## Goal of the exercise
The whole listing, please: repeat it exactly, with the pictures left out.

## Data to process
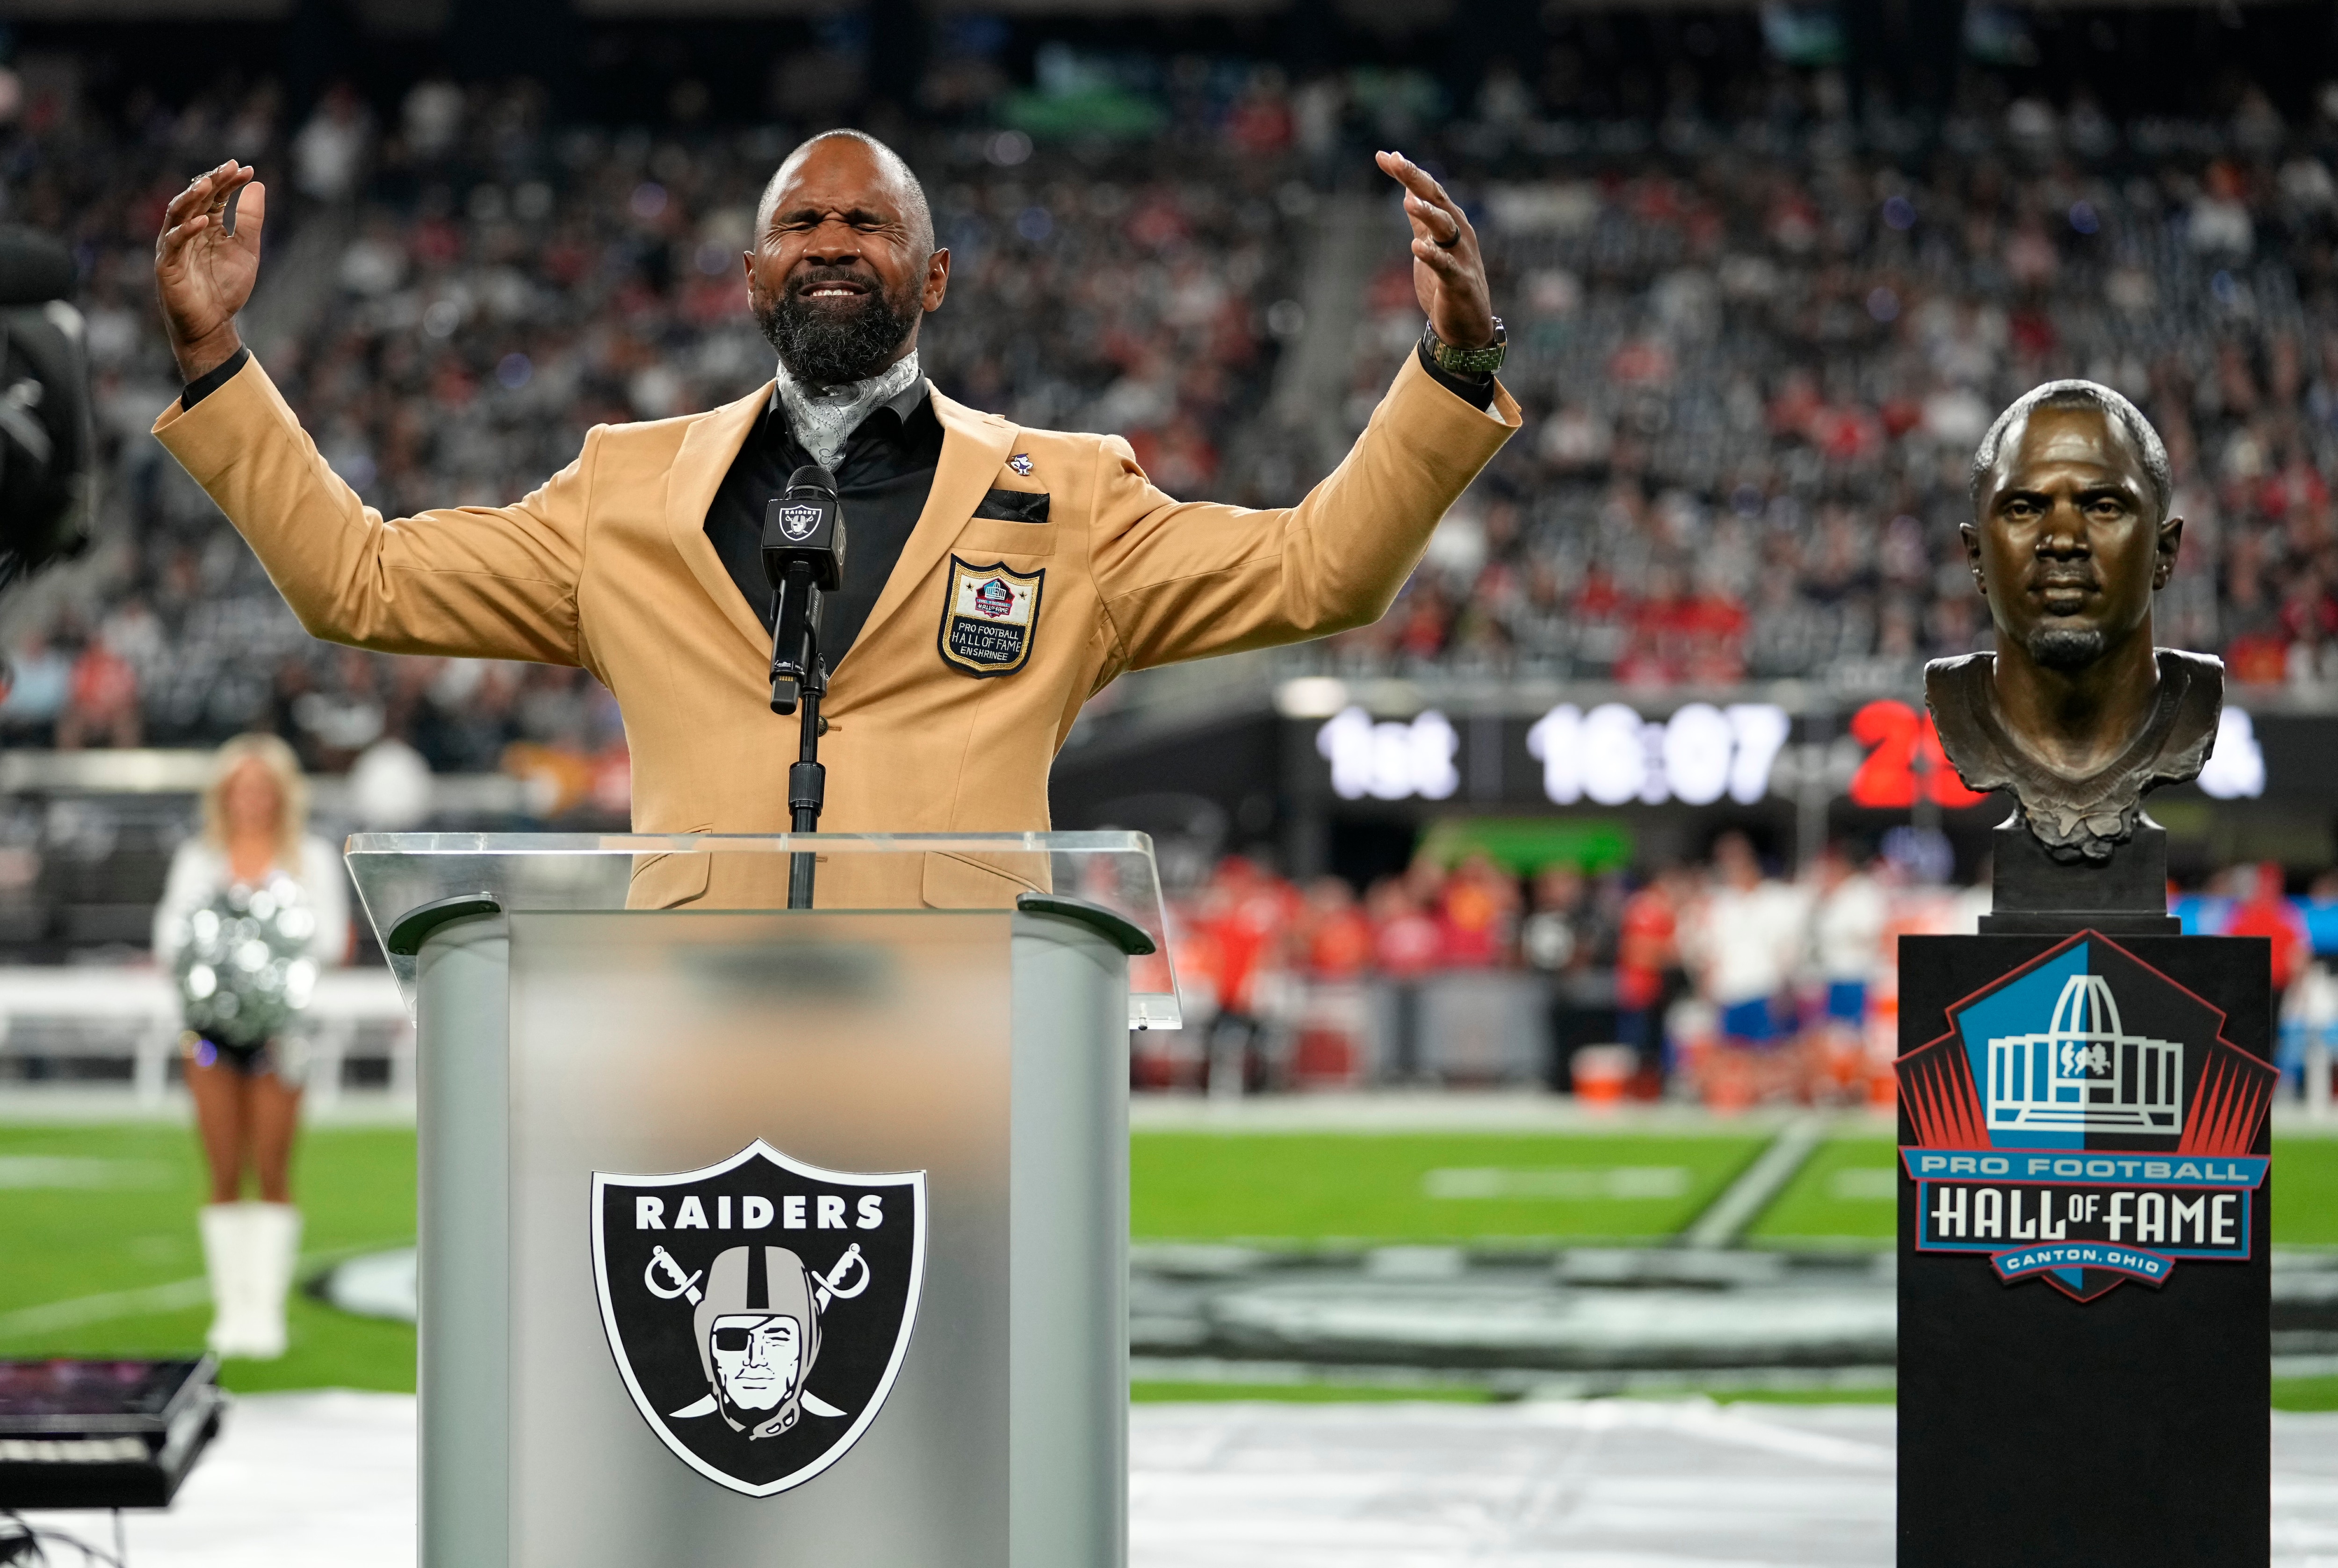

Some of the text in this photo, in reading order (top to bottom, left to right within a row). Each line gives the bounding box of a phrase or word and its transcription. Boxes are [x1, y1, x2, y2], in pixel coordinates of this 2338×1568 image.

[952, 631, 1022, 652] HALL OF FAME
[959, 622, 1019, 640] PRO FOOTBALL
[960, 646, 1009, 661] ENSHRINEE
[1921, 1156, 2249, 1181] PRO FOOTBALL
[635, 1194, 883, 1230] RAIDERS
[1931, 1187, 2237, 1244] HALL OF FAME
[2006, 1249, 2159, 1273] CANTON, OHIO
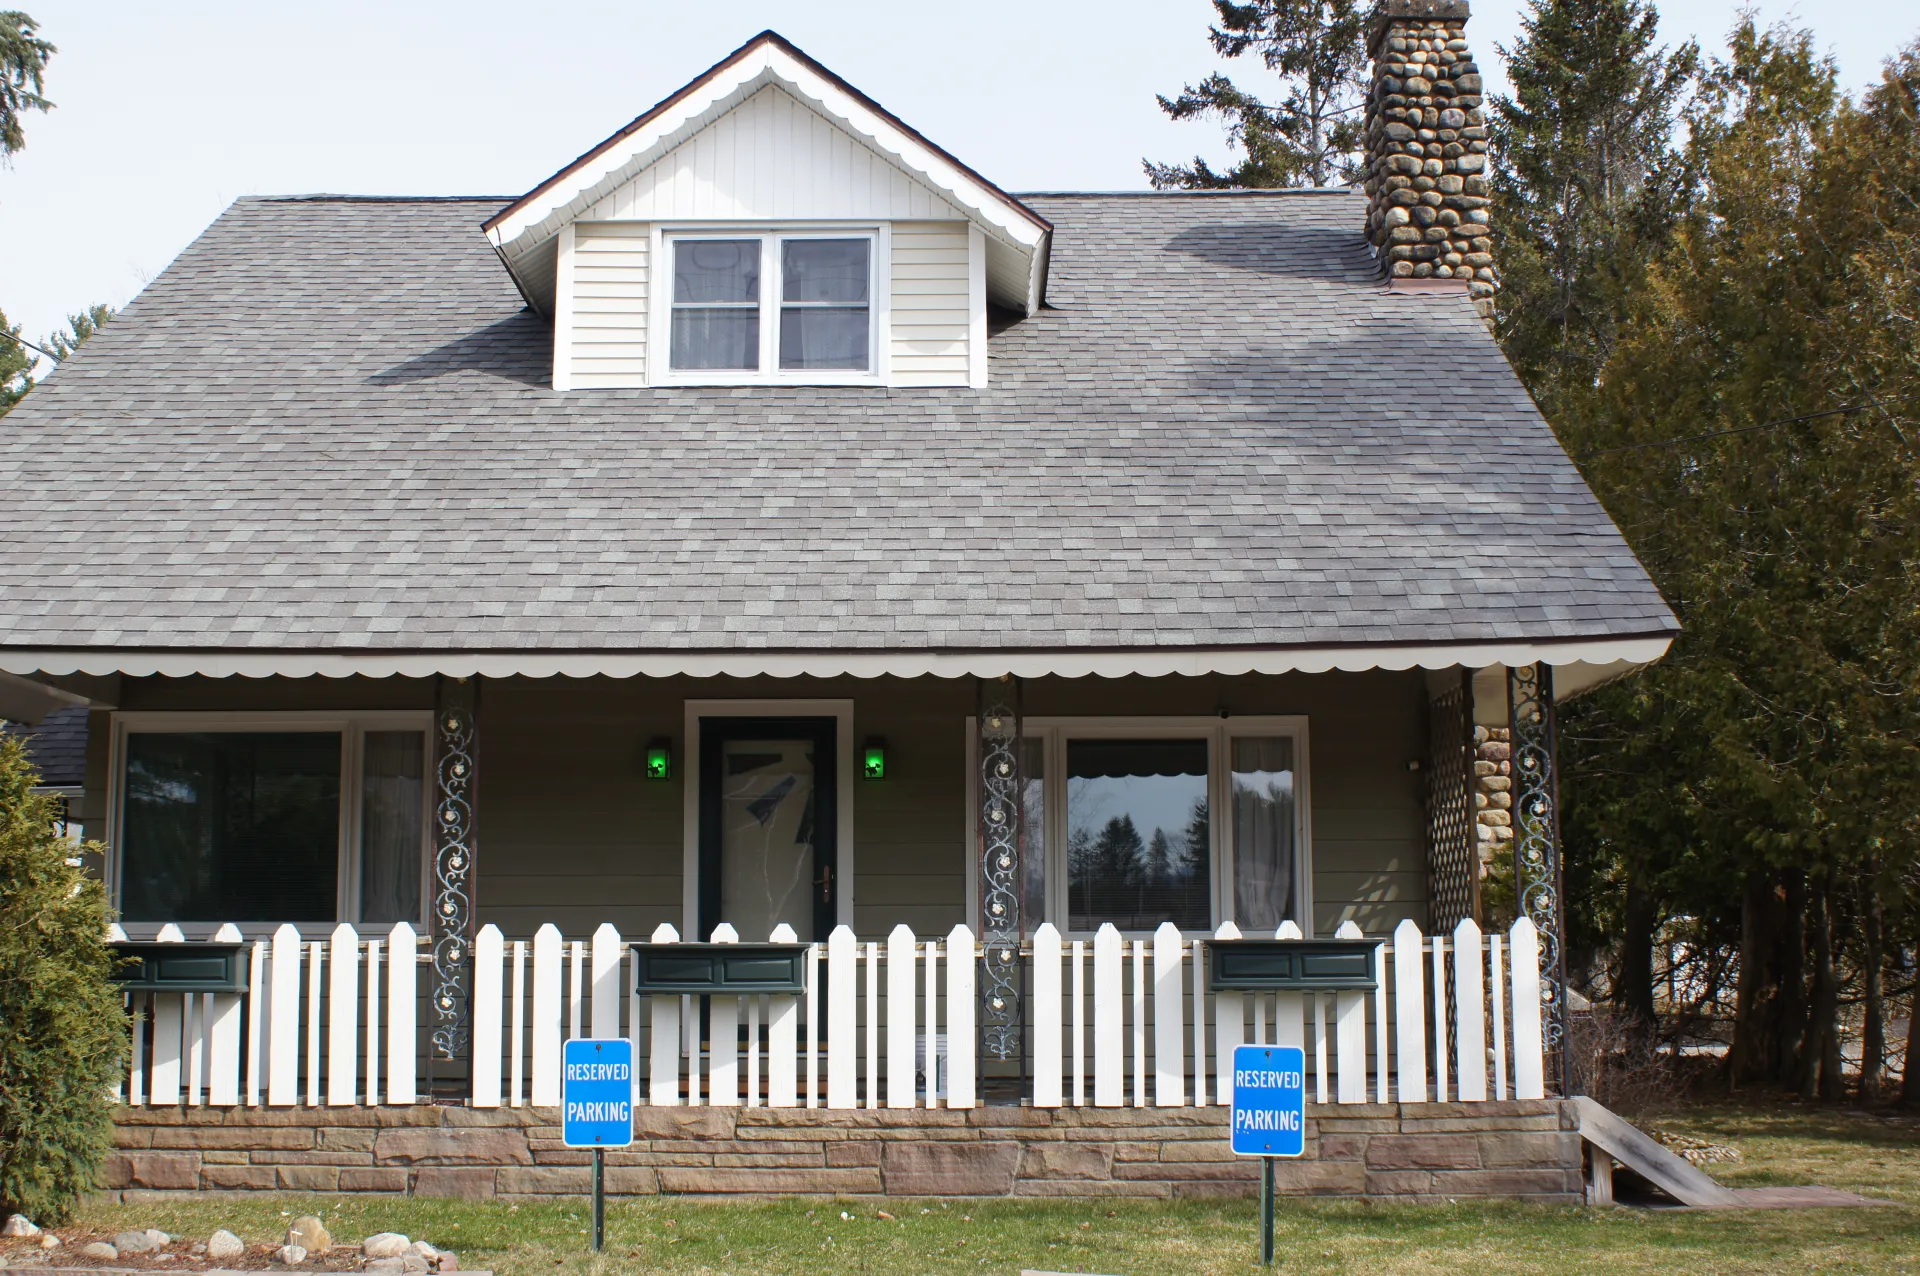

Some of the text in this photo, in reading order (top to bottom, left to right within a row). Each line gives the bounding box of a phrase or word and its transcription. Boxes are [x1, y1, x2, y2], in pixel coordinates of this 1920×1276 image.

[567, 1063, 629, 1081] RESERVED
[1236, 1070, 1300, 1089] RESERVED
[567, 1101, 628, 1122] PARKING
[1236, 1109, 1299, 1131] PARKING
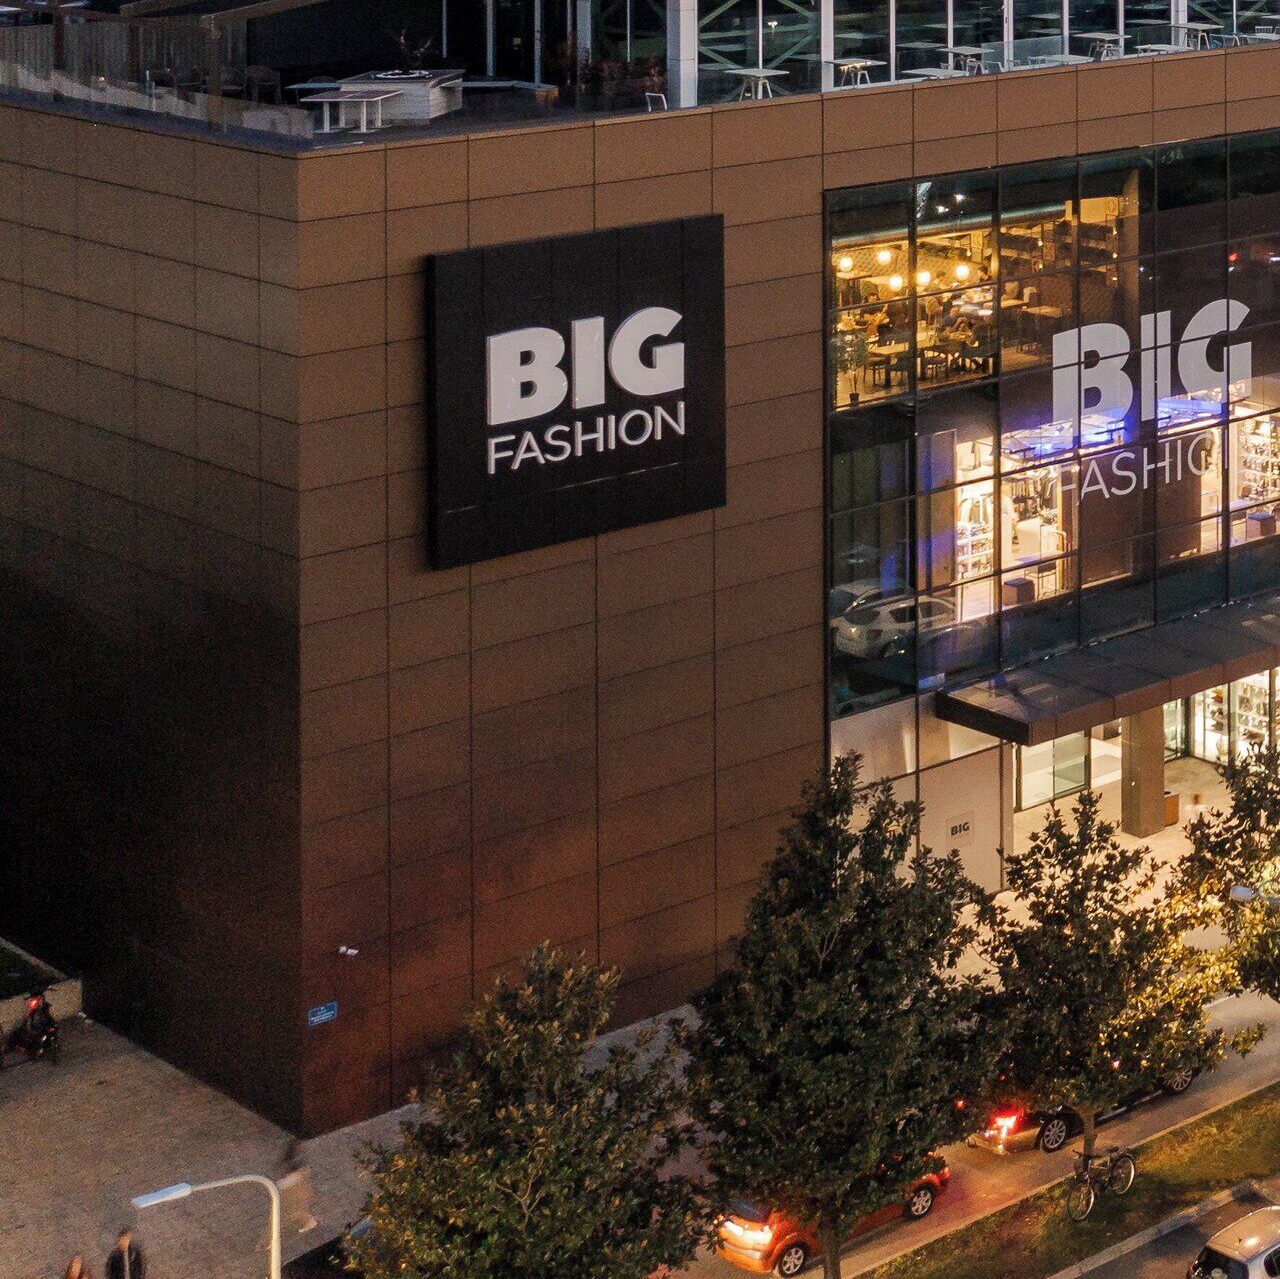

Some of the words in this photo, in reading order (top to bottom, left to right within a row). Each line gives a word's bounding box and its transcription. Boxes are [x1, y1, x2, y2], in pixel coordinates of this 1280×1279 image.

[484, 306, 685, 426] BIG
[1052, 298, 1252, 443] BIG
[486, 400, 685, 475] FASHION
[950, 821, 970, 837] BIG

## Result below
Some of the text in this photo, in reading order (top to bottom, left to right within a row). Each line gives the bounding box of a phrase or word and its transcription. Boxes are [x1, y1, x2, y2], in pixel coordinates of this 2338×1568 image.

[952, 631, 1022, 652] HALL OF FAME
[959, 622, 1019, 640] PRO FOOTBALL
[960, 646, 1009, 661] ENSHRINEE
[1921, 1156, 2249, 1181] PRO FOOTBALL
[635, 1194, 883, 1230] RAIDERS
[1931, 1187, 2237, 1244] HALL OF FAME
[2006, 1249, 2159, 1273] CANTON, OHIO

Some of the text in this photo, in reading order (top to bottom, left to right within a row). Each line gives the bounding box of a phrase or word and its transcription. Boxes are [x1, y1, x2, y2], in pixel coordinates of this 1920×1276 image.

[567, 1063, 629, 1081] RESERVED
[1236, 1070, 1300, 1089] RESERVED
[567, 1101, 628, 1122] PARKING
[1236, 1109, 1299, 1131] PARKING

Some of the words in this photo, in reading order (top to bottom, left to right within a row). Each line gives a word's bounding box and its transcription. Boxes are [x1, y1, x2, y2], in pixel coordinates of this 1280×1279 image.

[484, 306, 685, 426] BIG
[1052, 298, 1252, 443] BIG
[486, 400, 685, 475] FASHION
[950, 821, 970, 837] BIG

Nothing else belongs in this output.